Pharmacokinetics and safety of carfilzomib in patients with relapsed multiple myeloma and end-stage renal disease (ESRD): an open-label, single-arm, phase I study

PURPOSE: The pharmacokinetics (PK) of carfilzomib have been previously studied in multiple myeloma patients with varying degrees of renal impairment (normal, mild, moderate, severe, and end-stage renal disease [ESRD]) at doses of 15 and 20 mg/m(2). This study evaluated carfilzomib PK at higher doses of 27 and 56 mg/m(2) in normal renal function and ESRD patients.
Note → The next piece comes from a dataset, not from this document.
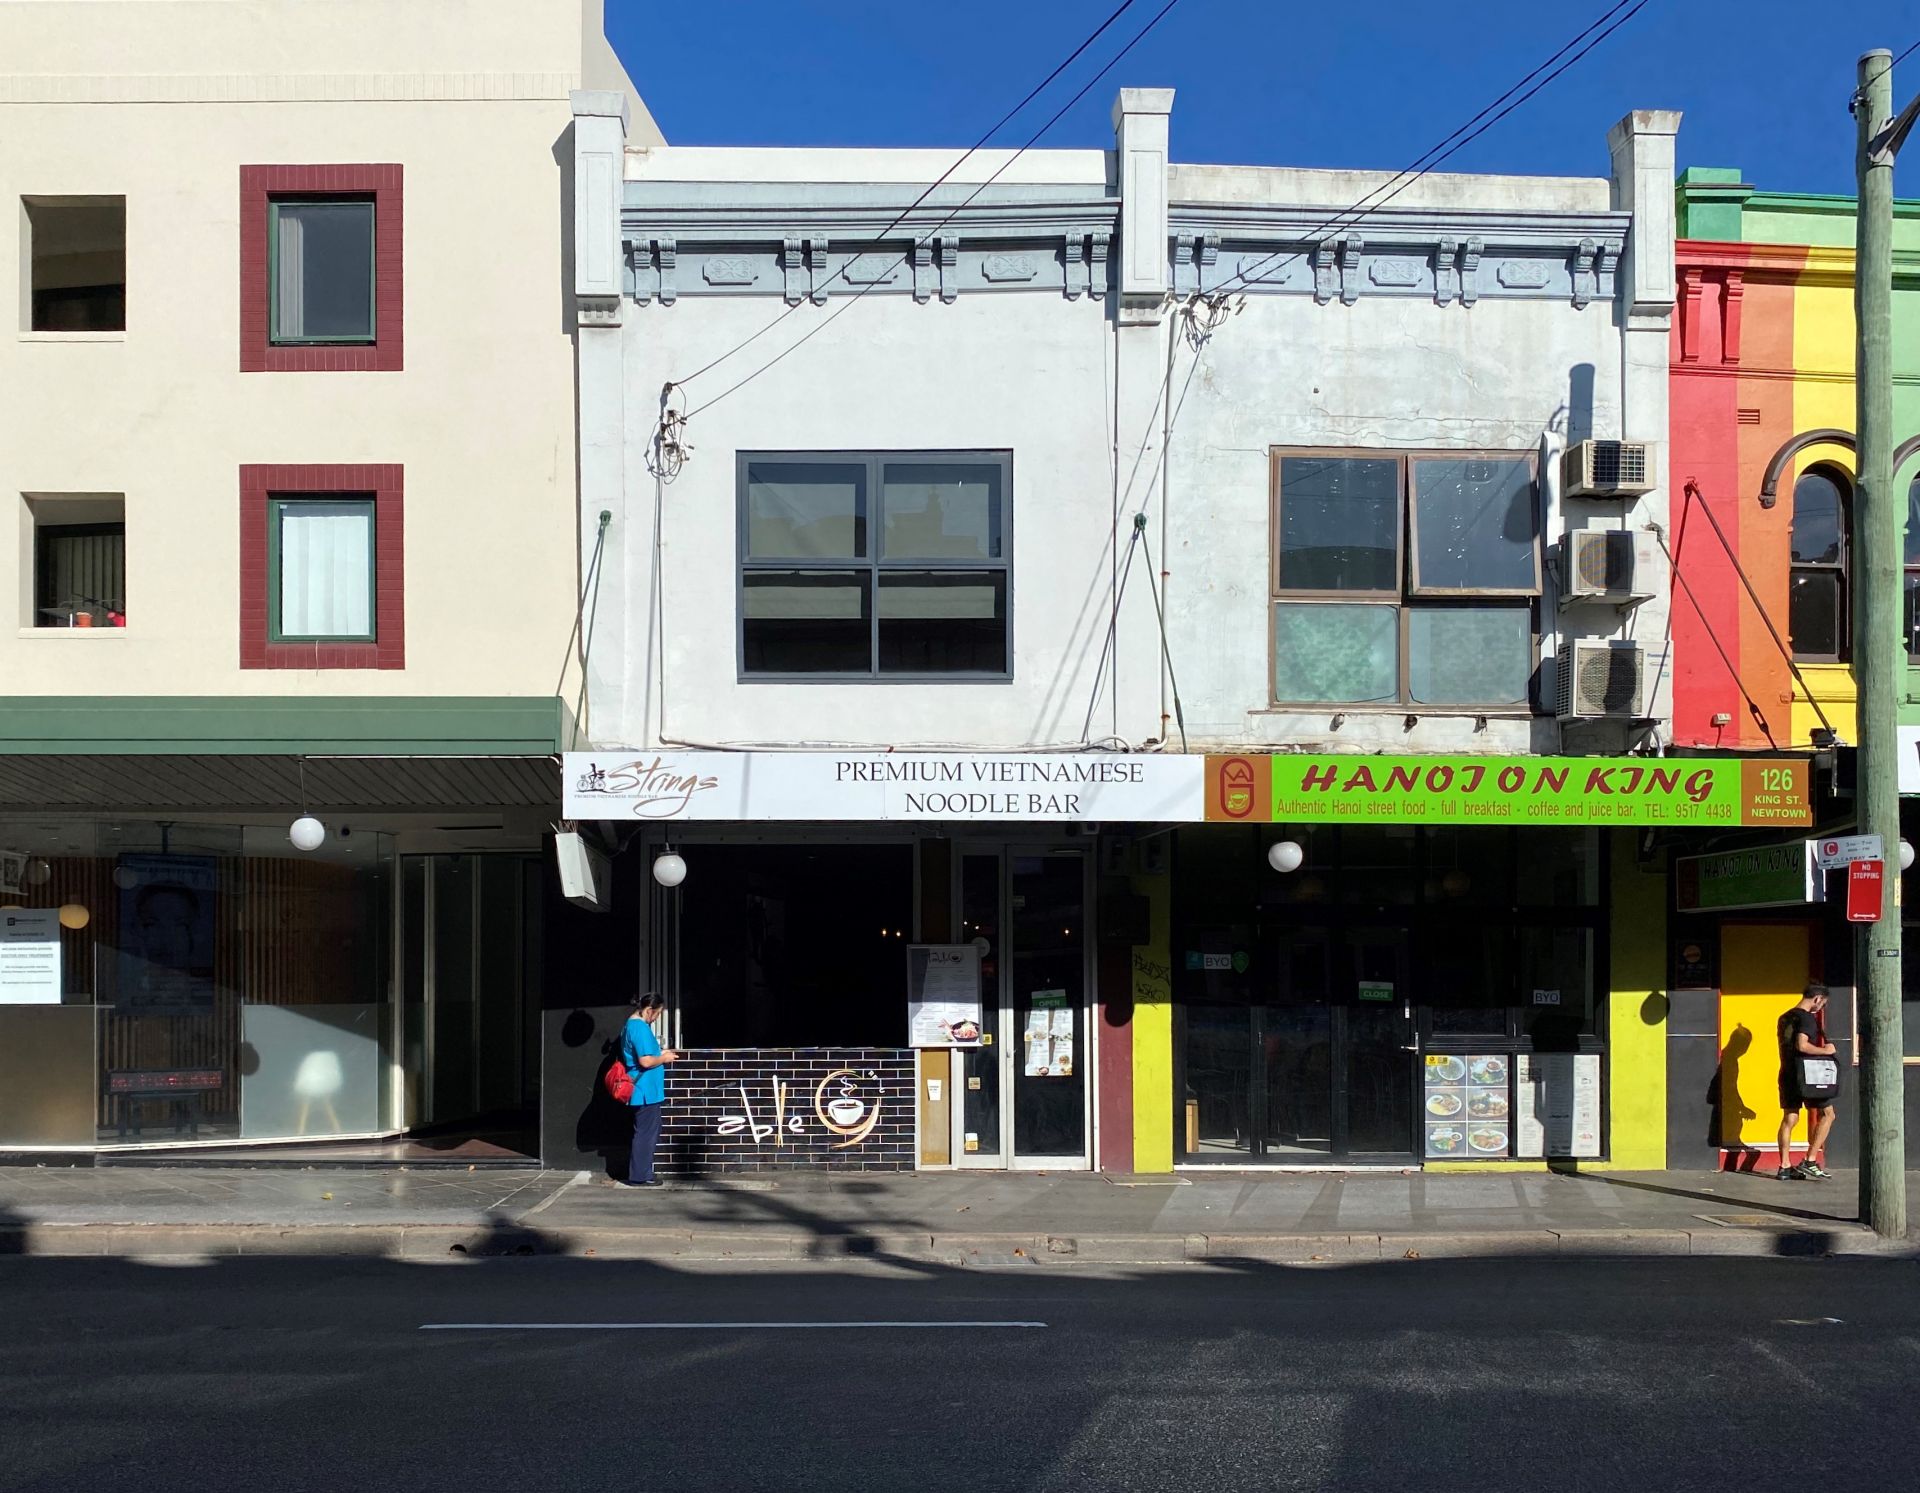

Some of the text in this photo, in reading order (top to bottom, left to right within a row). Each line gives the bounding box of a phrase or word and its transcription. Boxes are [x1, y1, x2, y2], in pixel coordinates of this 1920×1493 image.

METHODS: Patients received carfilzomib on two consecutive days/week for 3 weeks every 28-day cycle: 20 mg/m(2) (cycle 1 day 1–2), escalated to 27 mg/m(2) on cycle 1 day 8; if tolerated, 56 mg/m(2) starting cycle 2 day 1. The primary objective was PK assessment with safety/tolerability and response rate as secondary and exploratory objectives, respectively. RESULTS: 26 patients were enrolled (15 normal, 11 ESRD). There was a trend toward higher area under the concentration time curve (AUC) and maximum concentration in ESRD versus normal renal function patients; however, high interpatient PK variability was discerned. Relative to patients with normal renal function, ESRD patients showed 33% higher AUC. Overall response rate was 43% for the normal renal function and 60% for the ESRD groups. Safety findings were generally similar between the two groups and consistent with the known safety profile of carfilzomib in multiple myeloma patients. CONCLUSION: There were no meaningful differences in PK between patients with normal renal function and ESRD in light of carfilzomib exposure–response relationships. These results continue to support dosing recommendation that no starting dose adjustment of carfilzomib appears warranted in patients with baseline renal impairment.